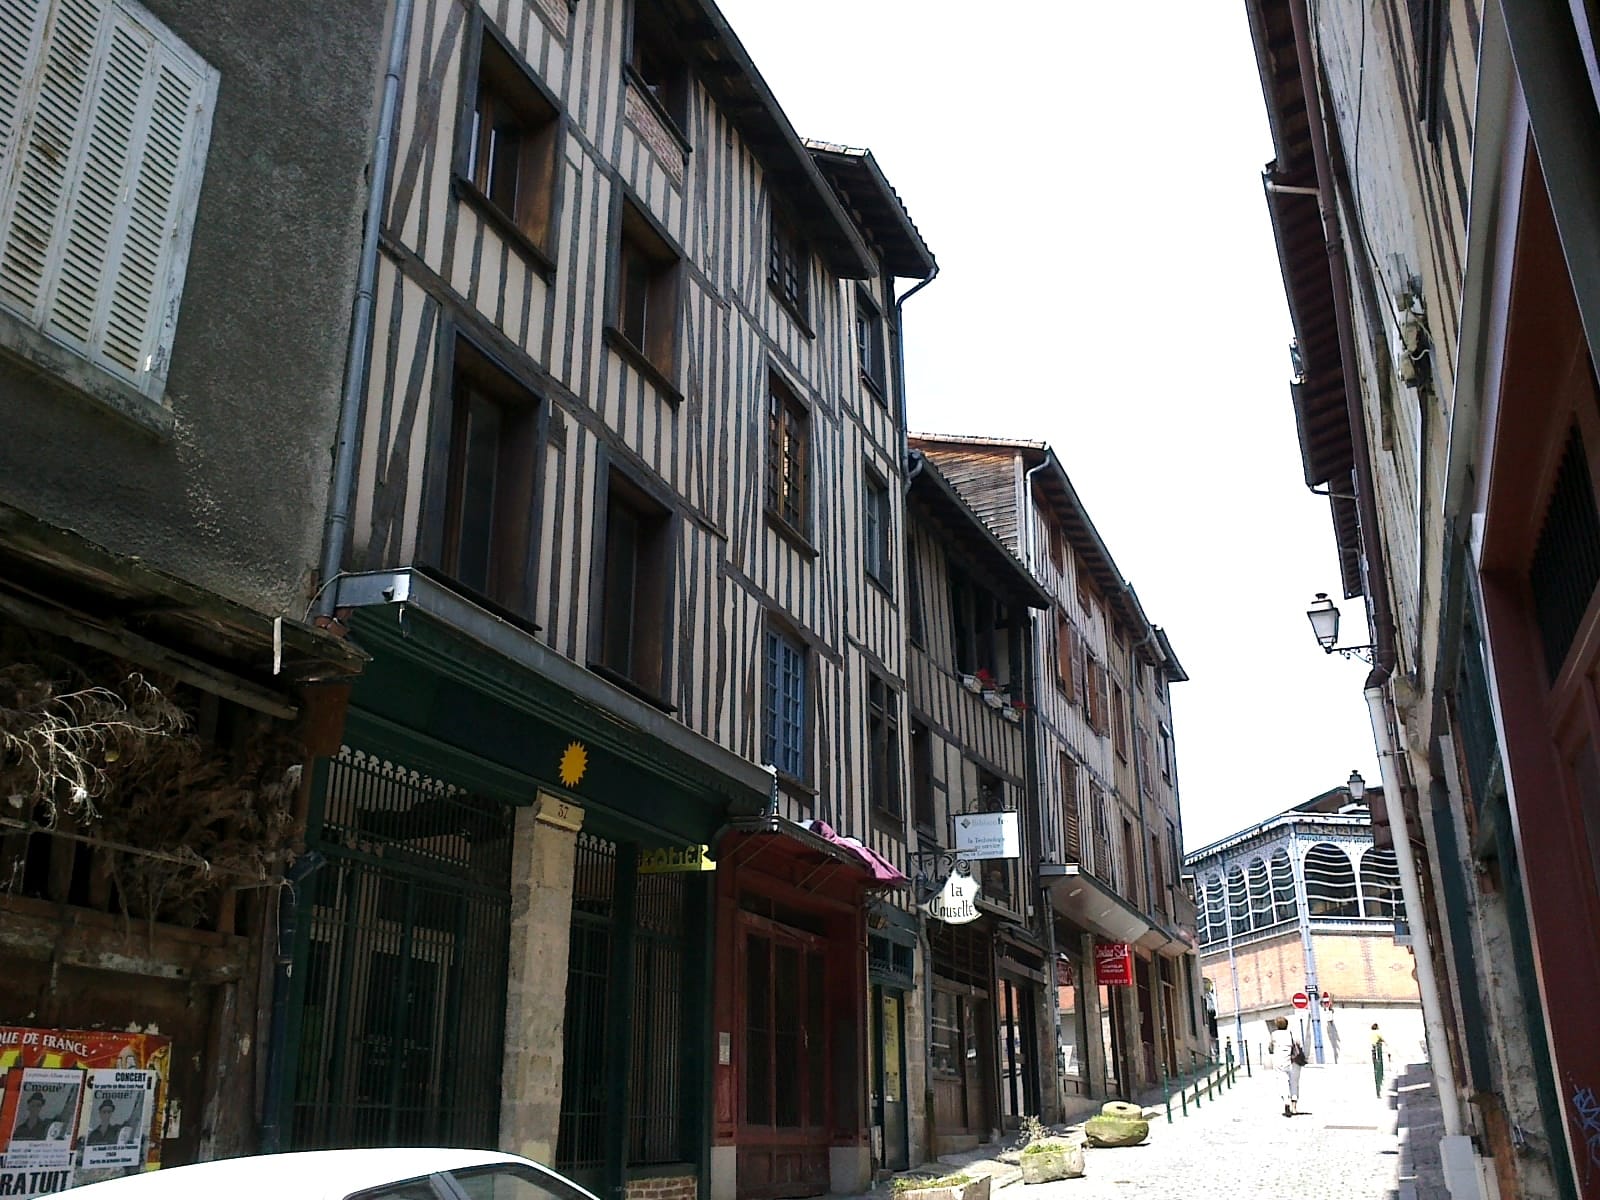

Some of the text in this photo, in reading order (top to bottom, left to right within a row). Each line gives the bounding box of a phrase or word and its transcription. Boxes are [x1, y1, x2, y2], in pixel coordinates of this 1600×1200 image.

[557, 804, 569, 820] 37
[951, 883, 963, 897] la
[0, 1032, 89, 1057] UE DE FRANCE
[115, 1072, 147, 1082] CONCERT
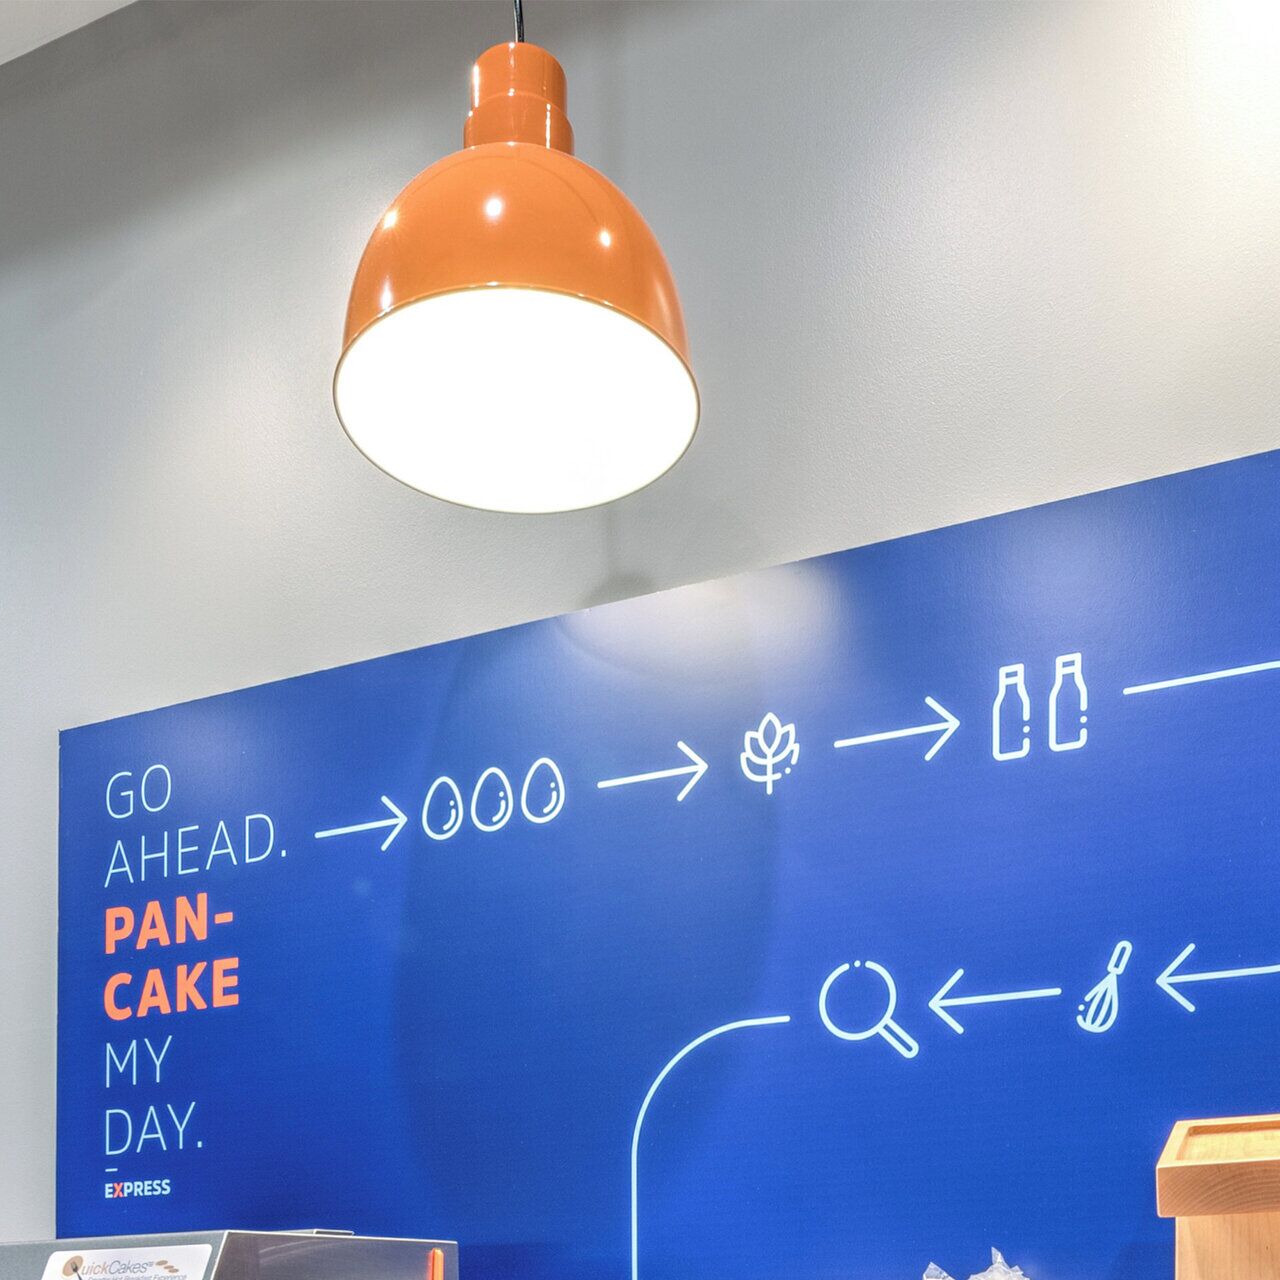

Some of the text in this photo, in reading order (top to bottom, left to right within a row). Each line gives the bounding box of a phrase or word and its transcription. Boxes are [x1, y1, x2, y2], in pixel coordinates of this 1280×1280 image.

[105, 763, 172, 819] GO
[104, 813, 287, 888] AHEAD.
[104, 892, 234, 955] PAN-
[103, 956, 239, 1021] CAKE
[105, 1035, 172, 1088] MY
[105, 1101, 203, 1156] DAY.
[104, 1178, 171, 1199] EXPRESS
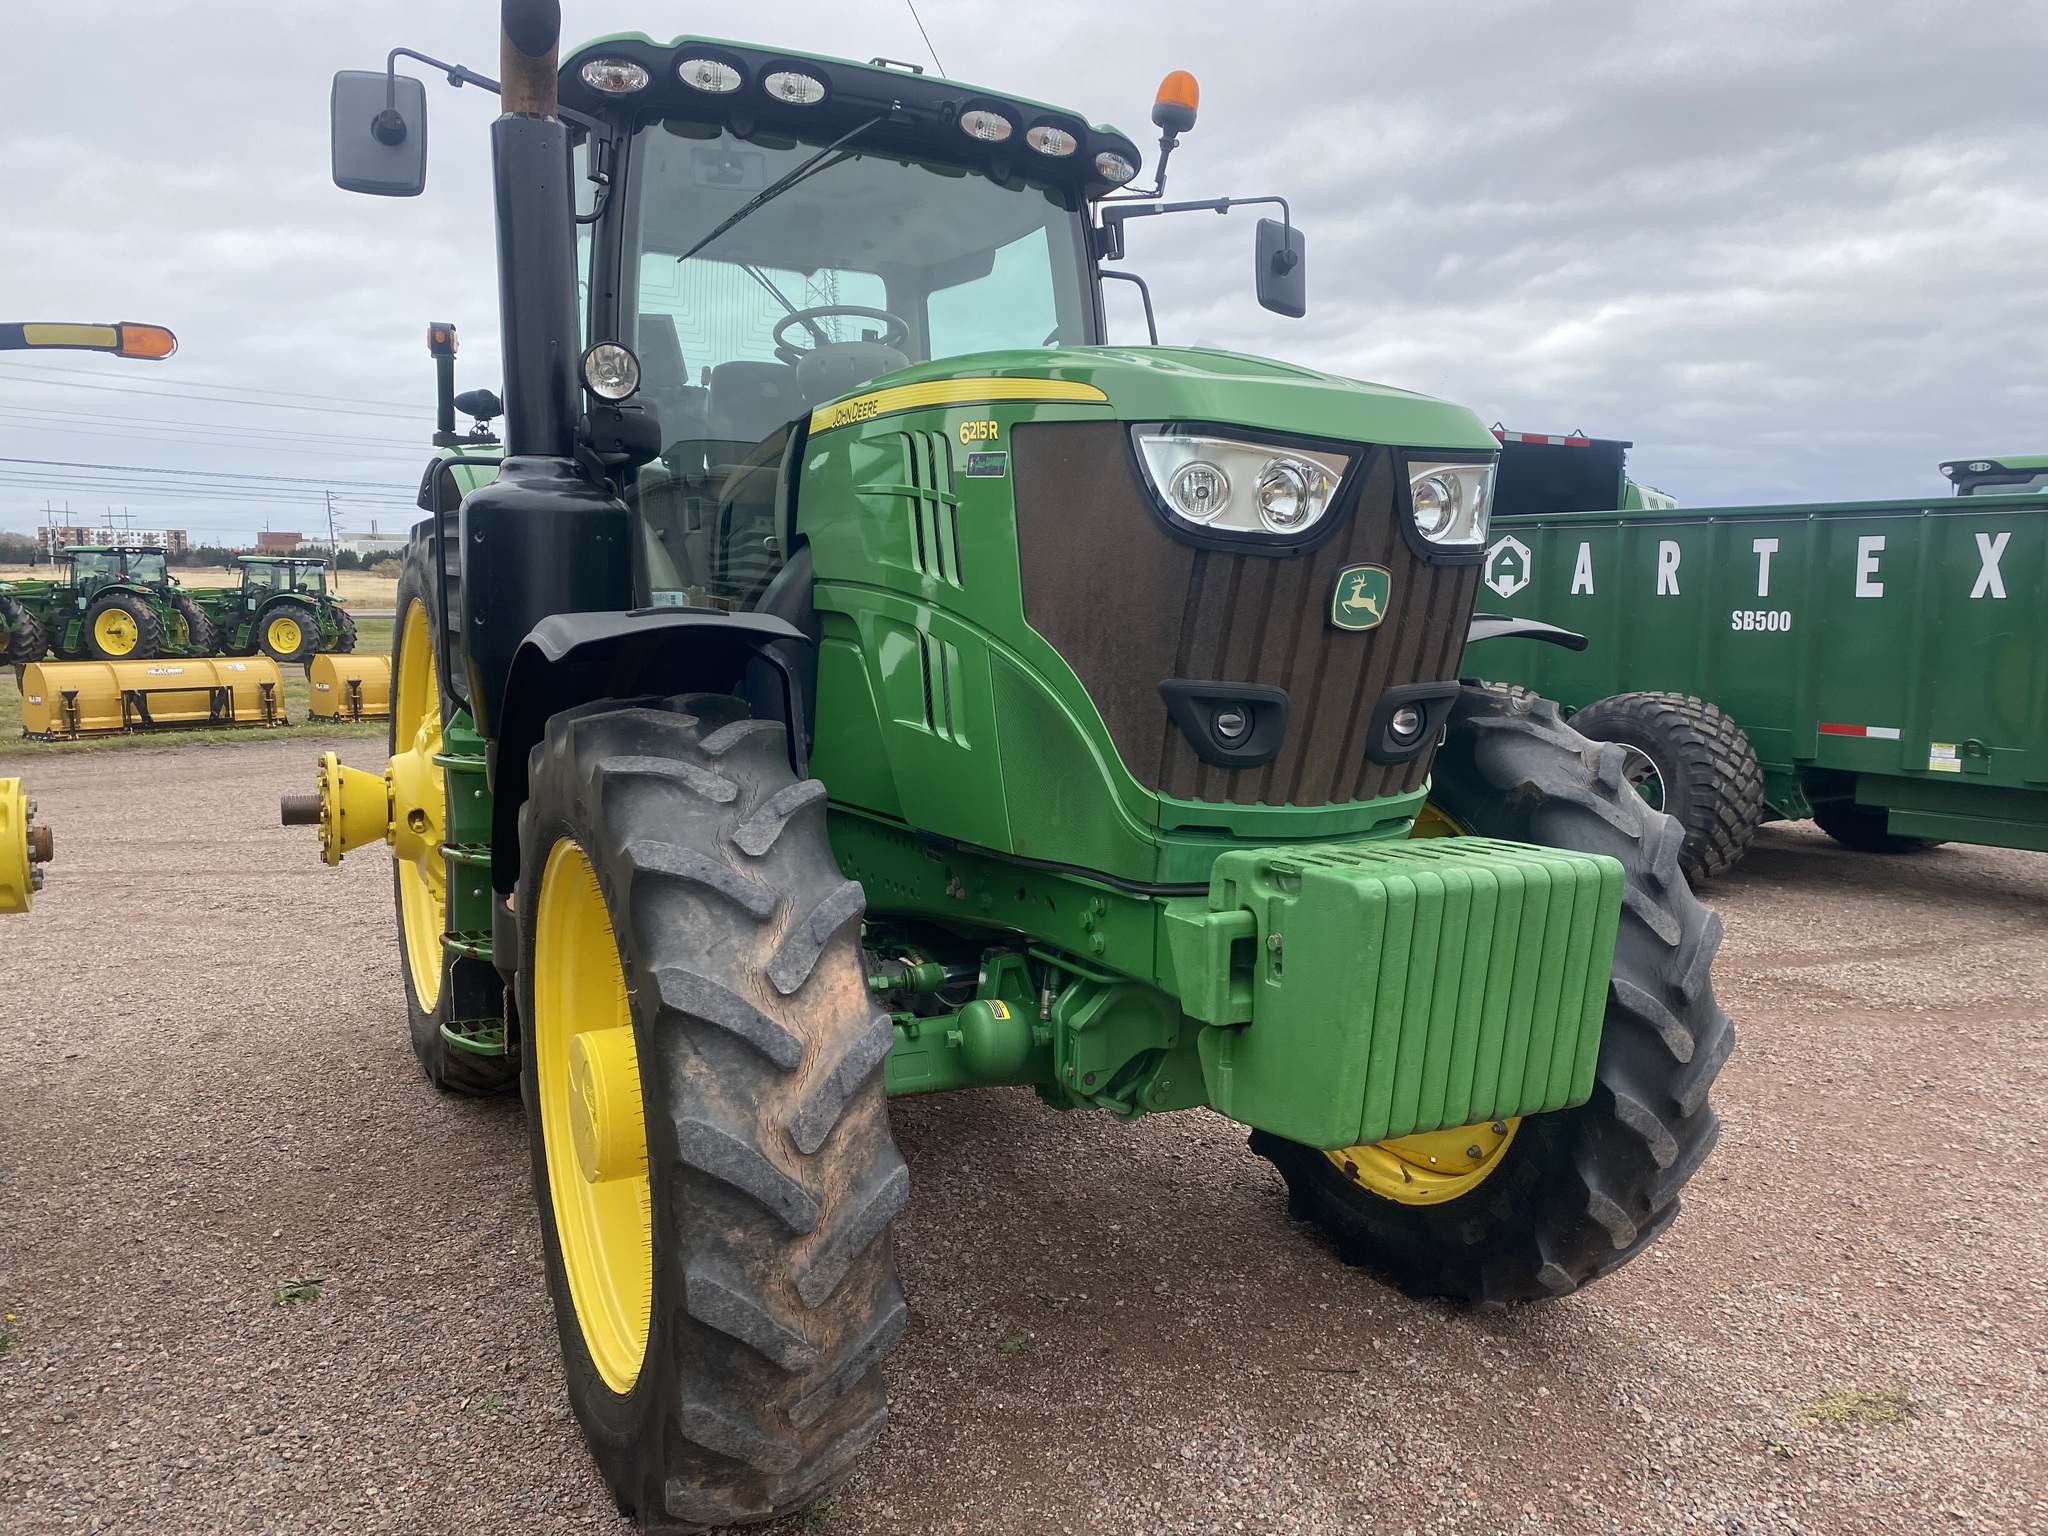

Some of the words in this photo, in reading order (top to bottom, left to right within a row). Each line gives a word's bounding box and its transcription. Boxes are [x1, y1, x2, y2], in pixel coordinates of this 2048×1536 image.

[832, 407, 853, 427] JOHN
[851, 399, 879, 421] DEERE
[1731, 609, 1791, 632] SB500
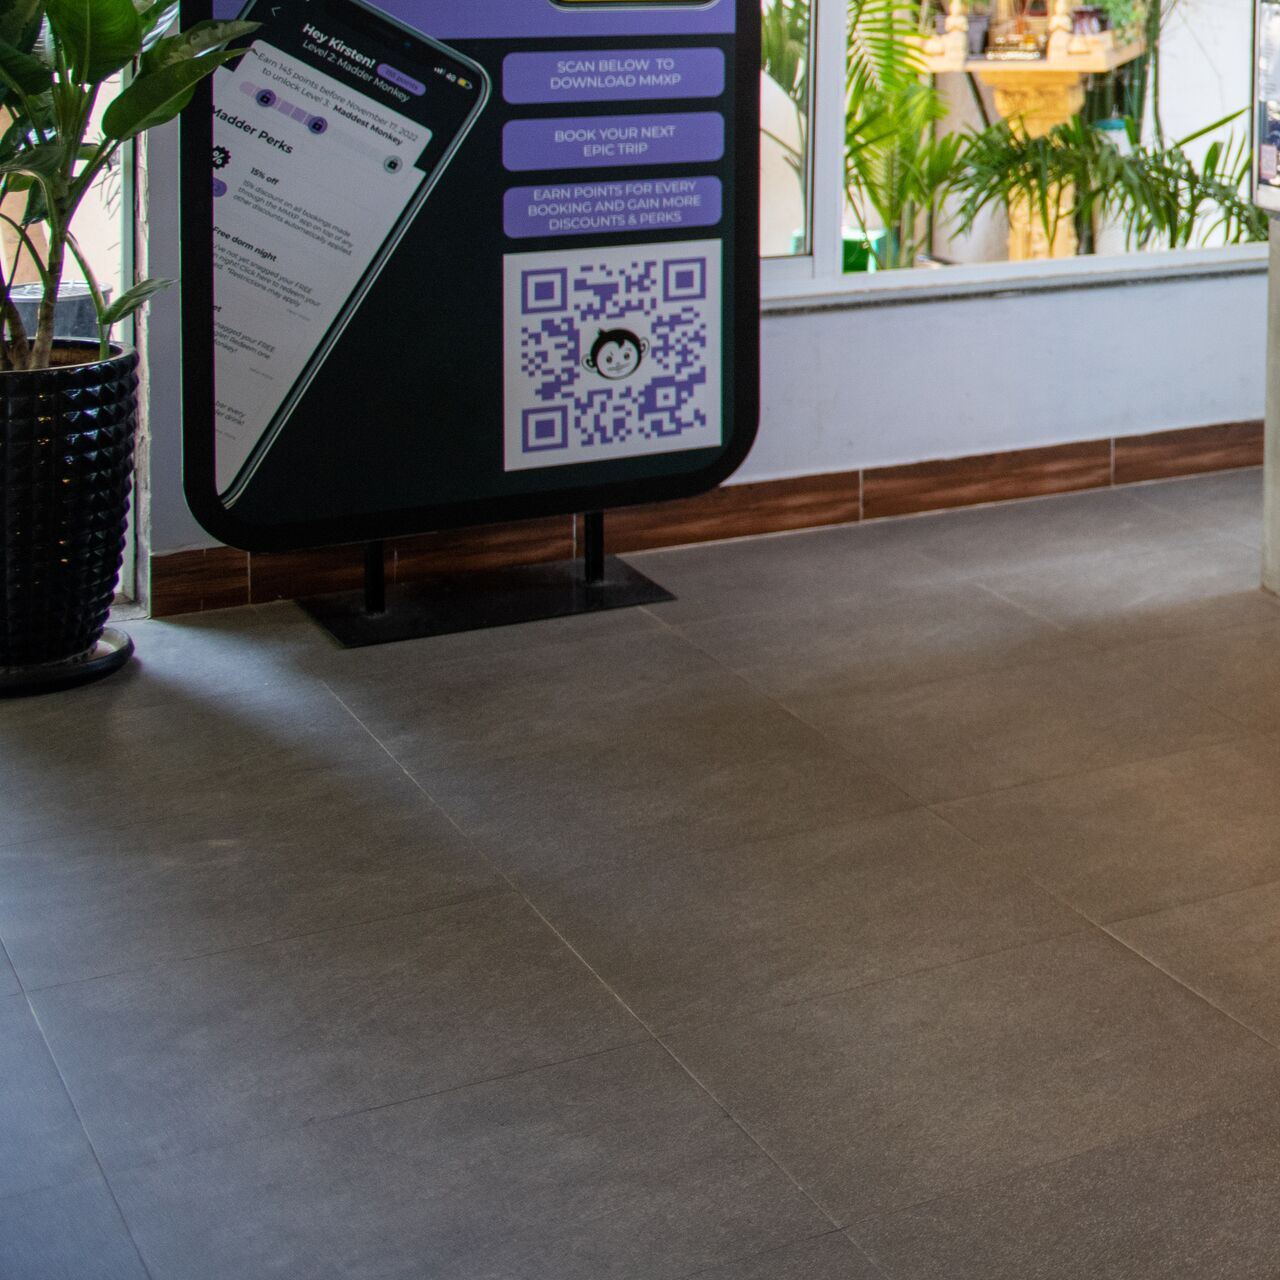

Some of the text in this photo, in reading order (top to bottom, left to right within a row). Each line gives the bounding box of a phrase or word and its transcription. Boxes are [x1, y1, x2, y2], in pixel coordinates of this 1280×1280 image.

***

[Problem requirements] Please transcribe, word for word, every line from the one containing "Some of the words" through the last line of the records, both included, and leave the pictures out.

[Solution to this problem]
Some of the words in this photo, in reading order (top to bottom, left to right within a row). Each line gives a word's bounding box and its transcription. Boxes are [x1, y1, x2, y2], in pixel coordinates of this 2048×1536 image.

[832, 407, 853, 427] JOHN
[851, 399, 879, 421] DEERE
[1731, 609, 1791, 632] SB500

Some of the text in this photo, in reading order (top to bottom, left to right within a row). Each line gives the bounding box of a phrase or word and its transcription. Boxes are [x1, y1, x2, y2], in pixel coordinates of this 1280×1280 image.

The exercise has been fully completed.